Deploy history + rollback:
- New deploy_history table — a structured, version-pinned ledger of every
dispatch (success AND failure), distinct from the free-text event_log.
Recorded at the single DispatchPlugin choke point so every source kind
is covered. The raw deploy error is never persisted (it can carry
registry-auth / compose-stdout secrets) — only a generic marker, with
detail going to slog. Pruned to the newest N per workload; cascade-
deleted with the workload.
- GET /api/workloads/{id}/deploys lists the ledger; POST .../rollback
(admin) replays a prior successful deploy's pinned reference as a
rollback-reason dispatch. Phase 1 is image-source only (RollbackCapable);
git-built sources need checkout-by-commit, a later phase.
- DeployHistoryPanel.svelte renders the ledger with confirm-gated rollback.
Per-workload metrics:
- ListContainerStatsSamplesByWorkload joins the existing container stats
samples through the containers index; GET /api/workloads/{id}/stats/history
aggregates CPU/memory per timestamp across the workload's containers.

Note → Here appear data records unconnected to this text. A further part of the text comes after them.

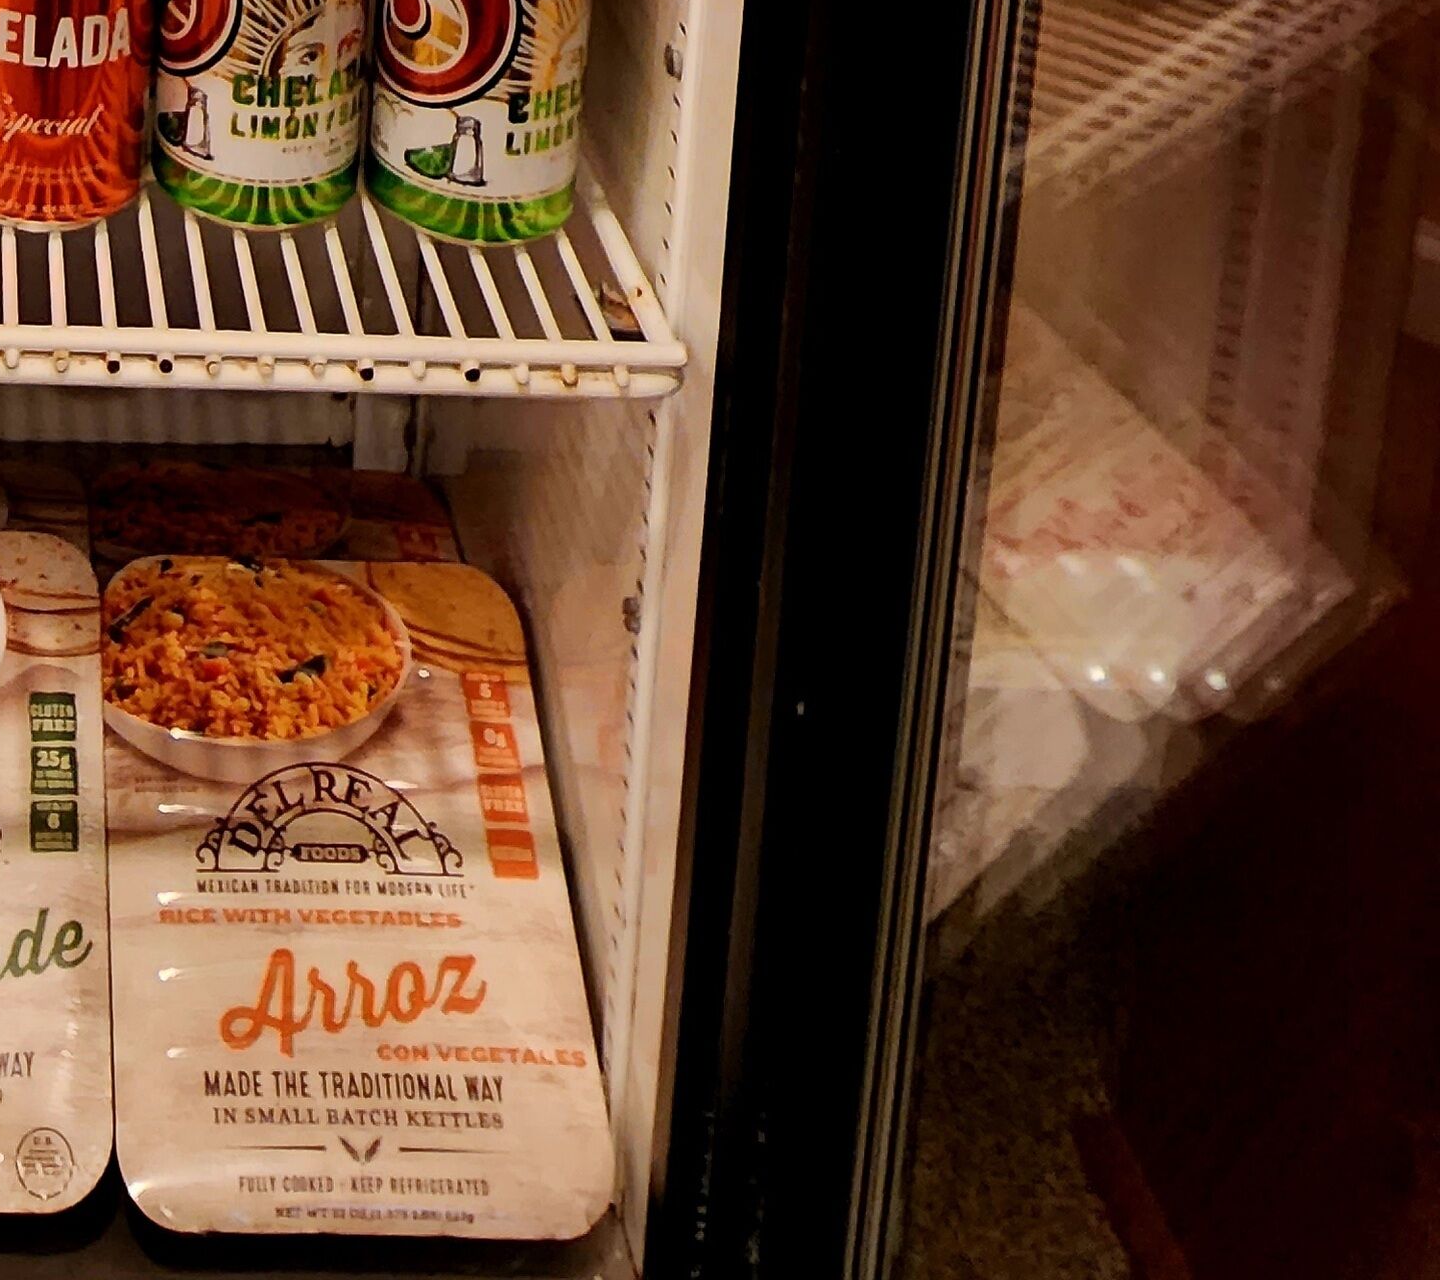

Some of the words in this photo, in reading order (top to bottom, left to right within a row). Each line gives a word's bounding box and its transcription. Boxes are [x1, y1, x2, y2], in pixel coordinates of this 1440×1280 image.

[228, 778, 305, 858] DEL
[312, 766, 430, 862] REAL
[298, 846, 363, 862] FOODS
[196, 878, 259, 894] MEXICAN
[265, 878, 339, 895] TRADITION
[345, 880, 371, 896] FOR
[376, 881, 434, 898] MODERN
[158, 907, 219, 925] RICE
[221, 908, 292, 926] WITH
[300, 908, 464, 930] VEGETABLES
[218, 946, 488, 1059] Arroz
[375, 1043, 431, 1063] CON
[435, 1043, 588, 1069] VEGETALES
[203, 1069, 265, 1098] MADE
[271, 1070, 310, 1099] THE
[317, 1071, 455, 1103] TRADITIONAL
[463, 1074, 505, 1103] WAY
[212, 1106, 237, 1125] IN
[244, 1107, 320, 1126] SMALL
[327, 1108, 399, 1128] BATCH
[405, 1110, 506, 1131] KETTLES
[237, 1174, 277, 1195] FULLY
[350, 1176, 385, 1196] KEEP
[389, 1177, 491, 1197] REFRIGERATED
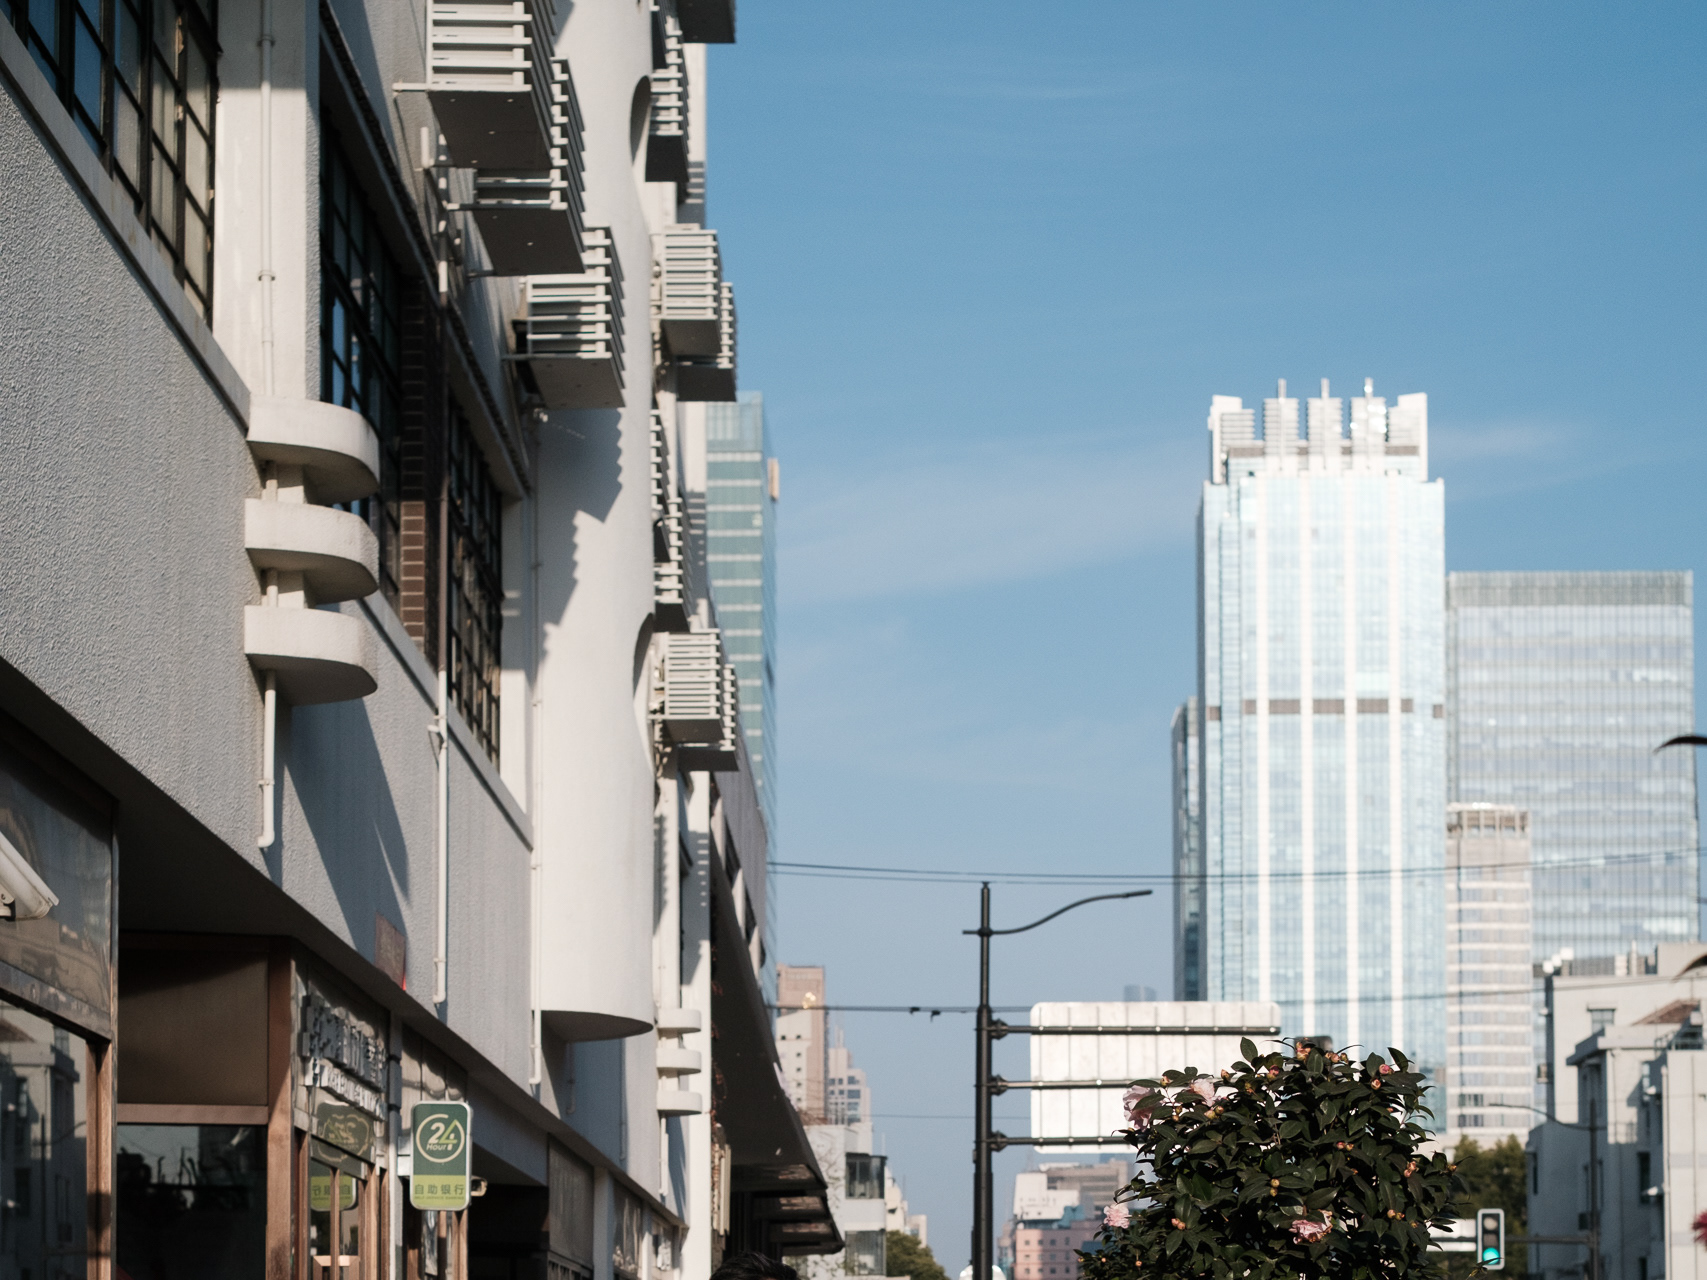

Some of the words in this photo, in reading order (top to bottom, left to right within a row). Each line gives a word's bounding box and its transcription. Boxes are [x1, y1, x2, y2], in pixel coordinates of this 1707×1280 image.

[428, 1119, 458, 1150] 24
[426, 1143, 447, 1151] Hour
[414, 1184, 465, 1196] 自助银行
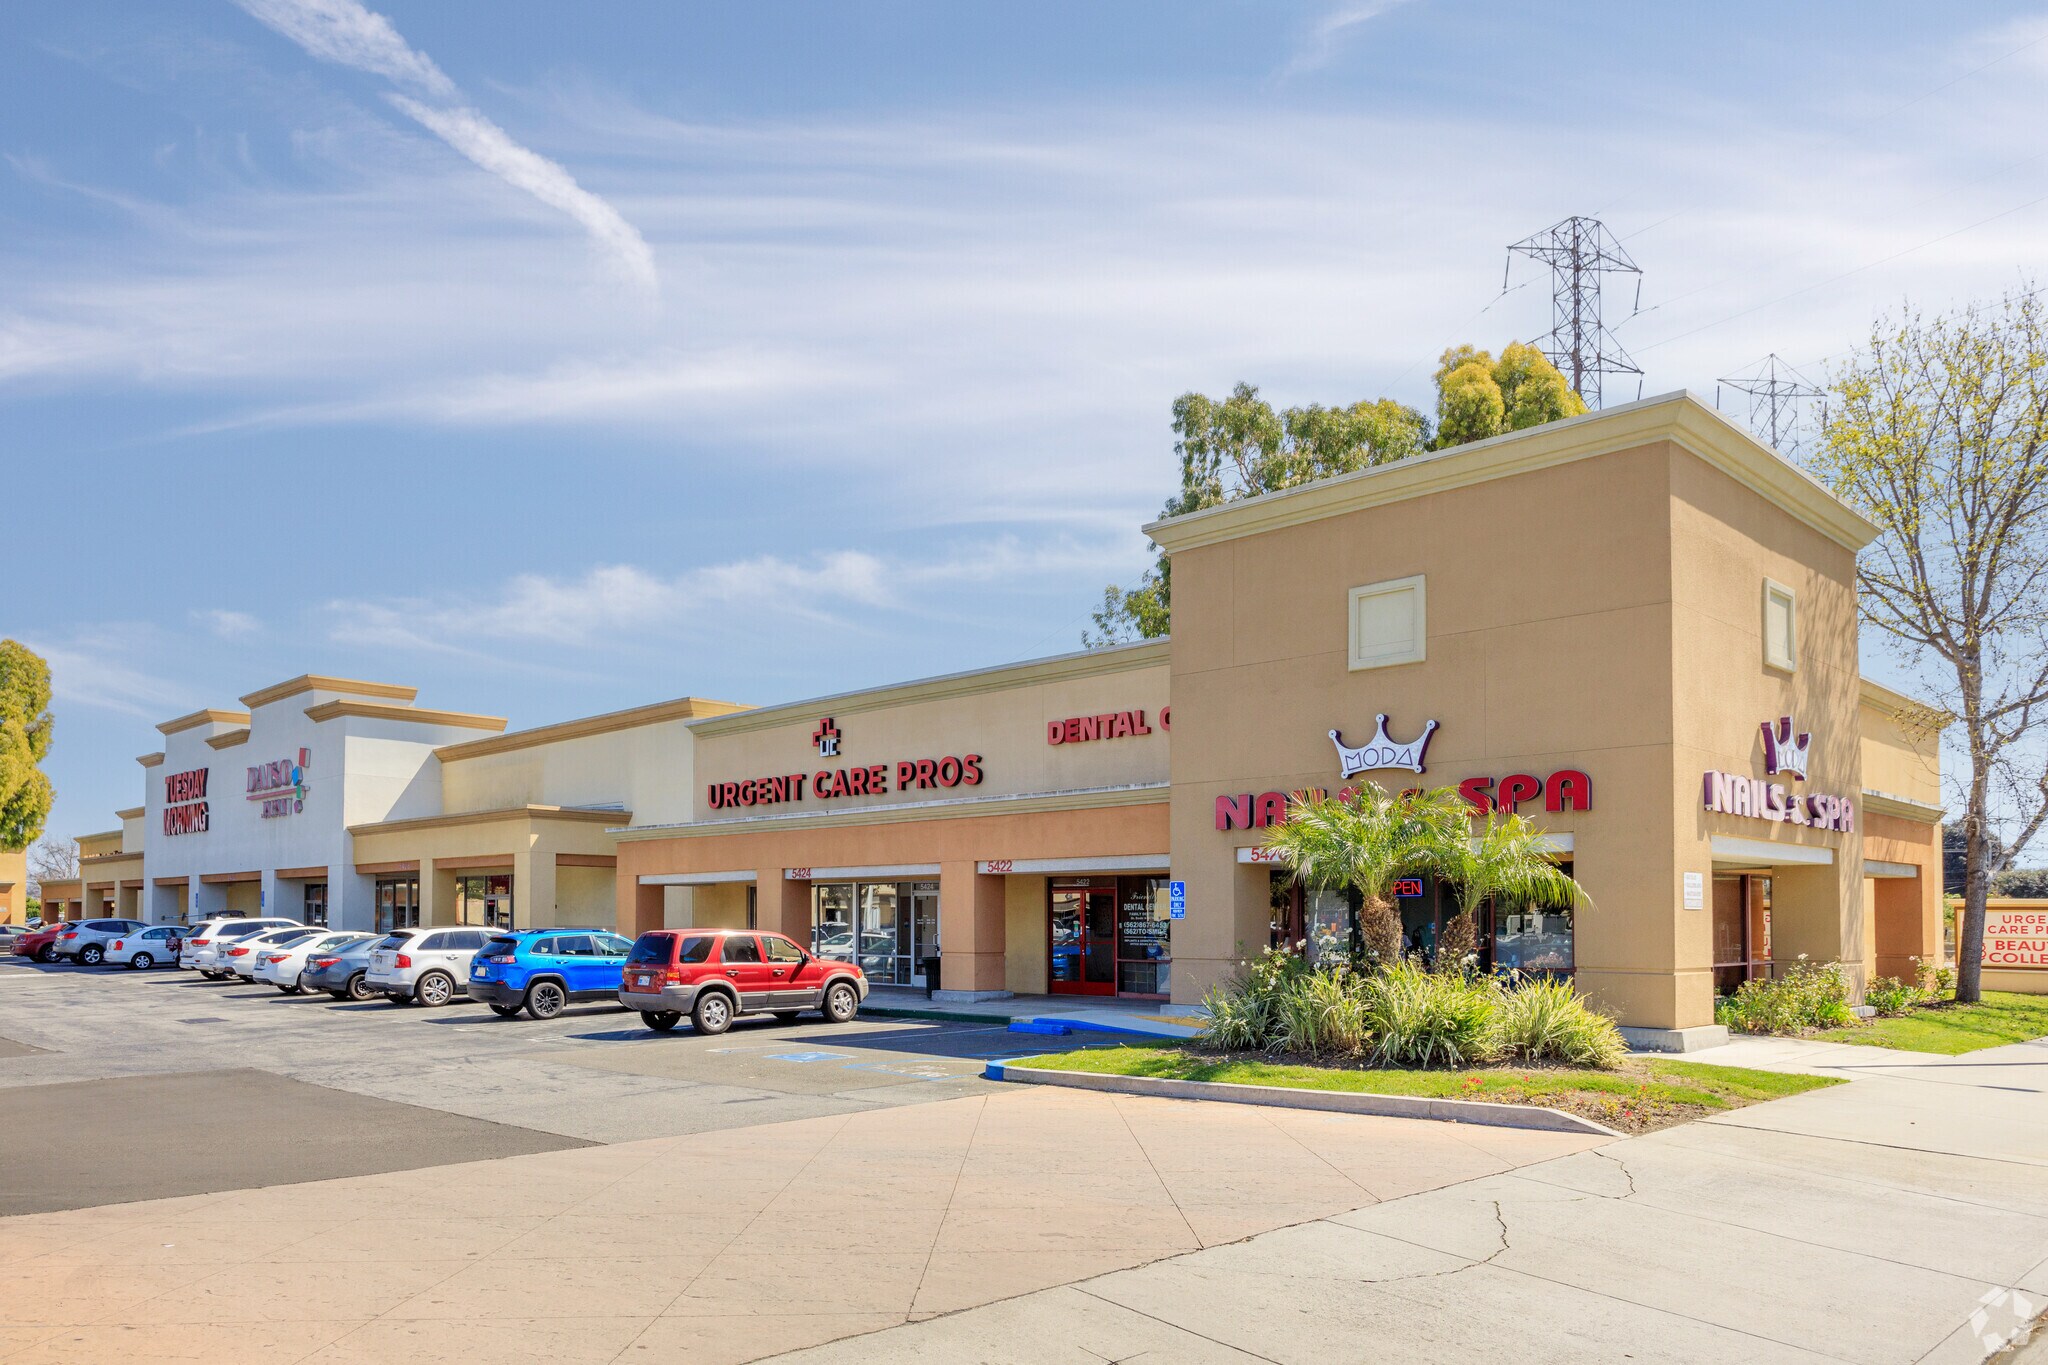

- WorkloadMetricsPanel.svelte reuses ResourceChart (CPU% + memory MiB,
windowed, 15s poll).
en/ru i18n added with parity. Tests: store CRUD + cascade + workload-scoped
join, deployer recording (incl. secret-non-leak on failure), API rollback
guards, and per-timestamp aggregation. Plans under docs/plans/.
13 KiB
Deploy History + One-Click Rollback — Implementation Plan
Status: planned (review incorporated) · Feature rank: #1 · Date: 2026-06-19
Review findings incorporated (adversarial pass)
- BLOCKER — never persist the raw deploy error (it can carry registry-auth bytes /
compose stdout — see
compose.goSECURITY comment +workloads_plugin.go:198).deploy_history.erroronly ever gets a fixed generic marker ("deploy failed (see server logs)") on failure; the raw error goes toslogonly.capDeployStatus(err.Error())is rejected. - BLOCKER — don't double-count metrics.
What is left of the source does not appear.